First let's solve the output for $y[n]$

i.For $n<0$, since $u[n]=0$, we have $$y[n] = y[n-1]$$ which implies that $y[-1]=y[-2]=...y[-N]...= K$ for all $n < 0$

ii.For $n\geq0$, since $u[n]=1$, then we have $$y[n] = y[n-1] + 1$$ which can be recursively solved to get

\begin{align} y[0] &= y[-1] + 1 = K +1 \\ y[1] &= y[0] + 1 = (K+1) +1 = K+2 \\ y[2] &= y[1] + 1 = K +3 \\ &...\\ y[n] &= y[n-1] + 1 = K +(n+1) \\ \end{align}

Combining them yields: $$\boxed{y[n] = K + (n+1) u[n] }$$ for all $n$ as th fixed-unique output of the system for all inputs $x[n]$

Then we analyse the system for its properties:

  1. The system is non-linear: It's so evident since the system has a fixed, unique output for every input it's a non-linear system as it cannot satisfy $$\mathcal{T}\{a x_1[n]+ b x_2[n] \} = a \mathcal{T}\{x_1[n] \} + b\mathcal{T}\{x_2[n]\} $$

  2. The system is time-varying: Again shifting the input have no effect on the output (which is fixed) so it cannot satisfy $$ y[n-d] = \mathcal{T}\{x[n-d] \}$$ NOTE: Does this make any sense? The system is already a fixed one. It has a fixed output for every input. Hence effectively nothing varies in its output.
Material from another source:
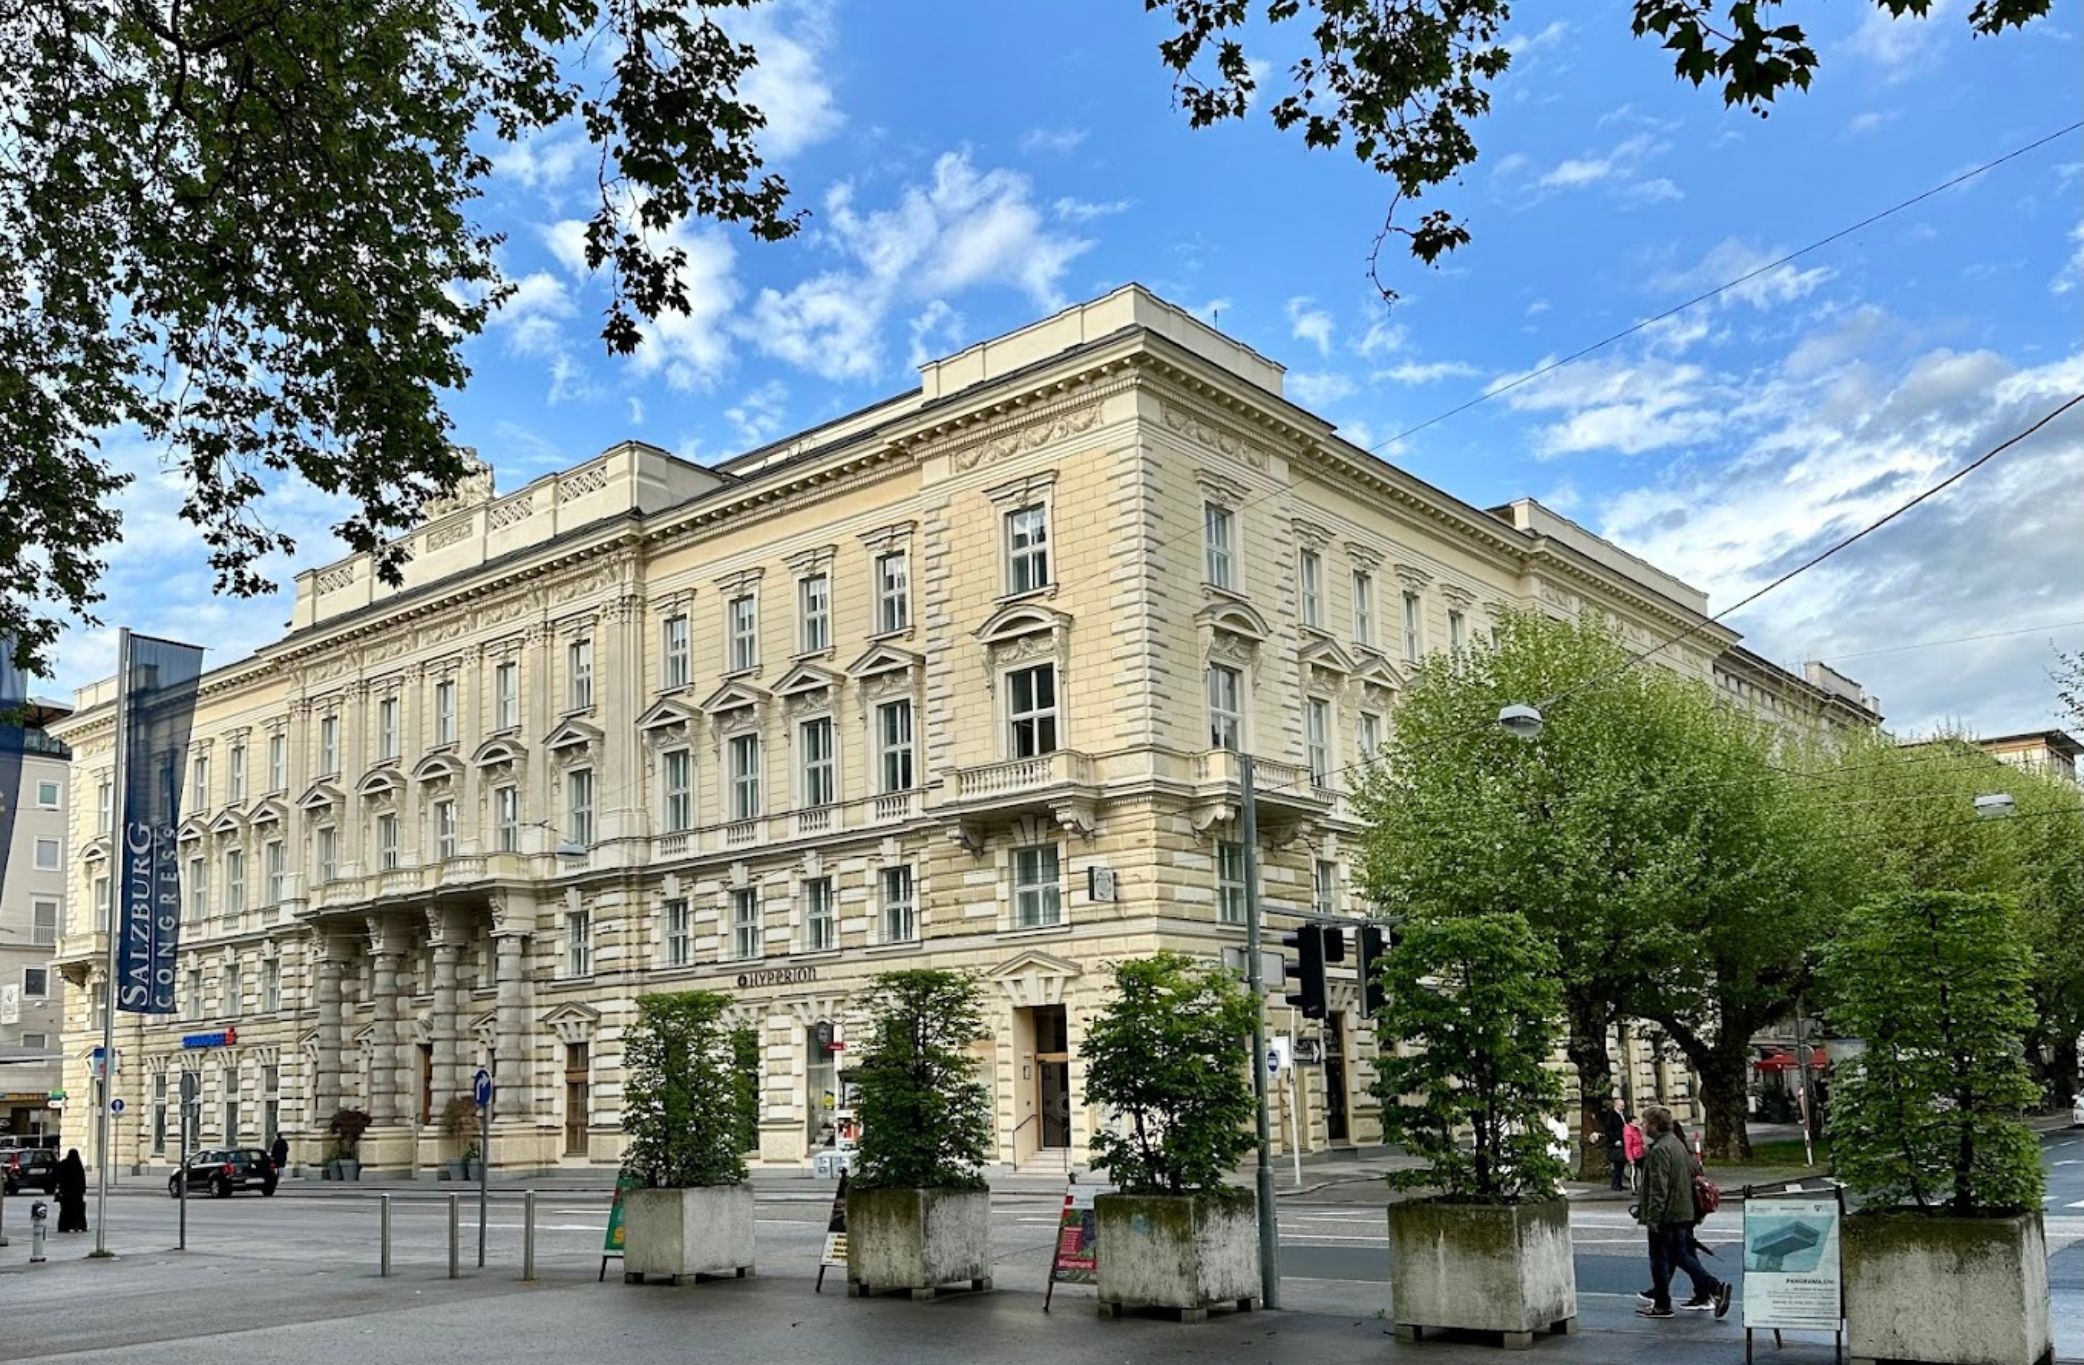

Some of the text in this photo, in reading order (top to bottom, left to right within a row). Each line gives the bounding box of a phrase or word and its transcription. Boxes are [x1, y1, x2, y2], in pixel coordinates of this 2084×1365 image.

Nevertheless I called it as time-varying, because evidently it cannot saitsfy the time-invariance constraint.

  3. The system is causal: it only depends on the past value of the output and it does not depend on any value of the input so it does not violate causality.

  4. The system is unstable: as for a bounded input $x[n] = \delta[n]$ the output is $y[n] = K + (n+1) u[n]$ which grows unbounded as $n$ goes to infinity.

  5. The system is not invertible.

  6. The system can be implemented with and without any memory requirement.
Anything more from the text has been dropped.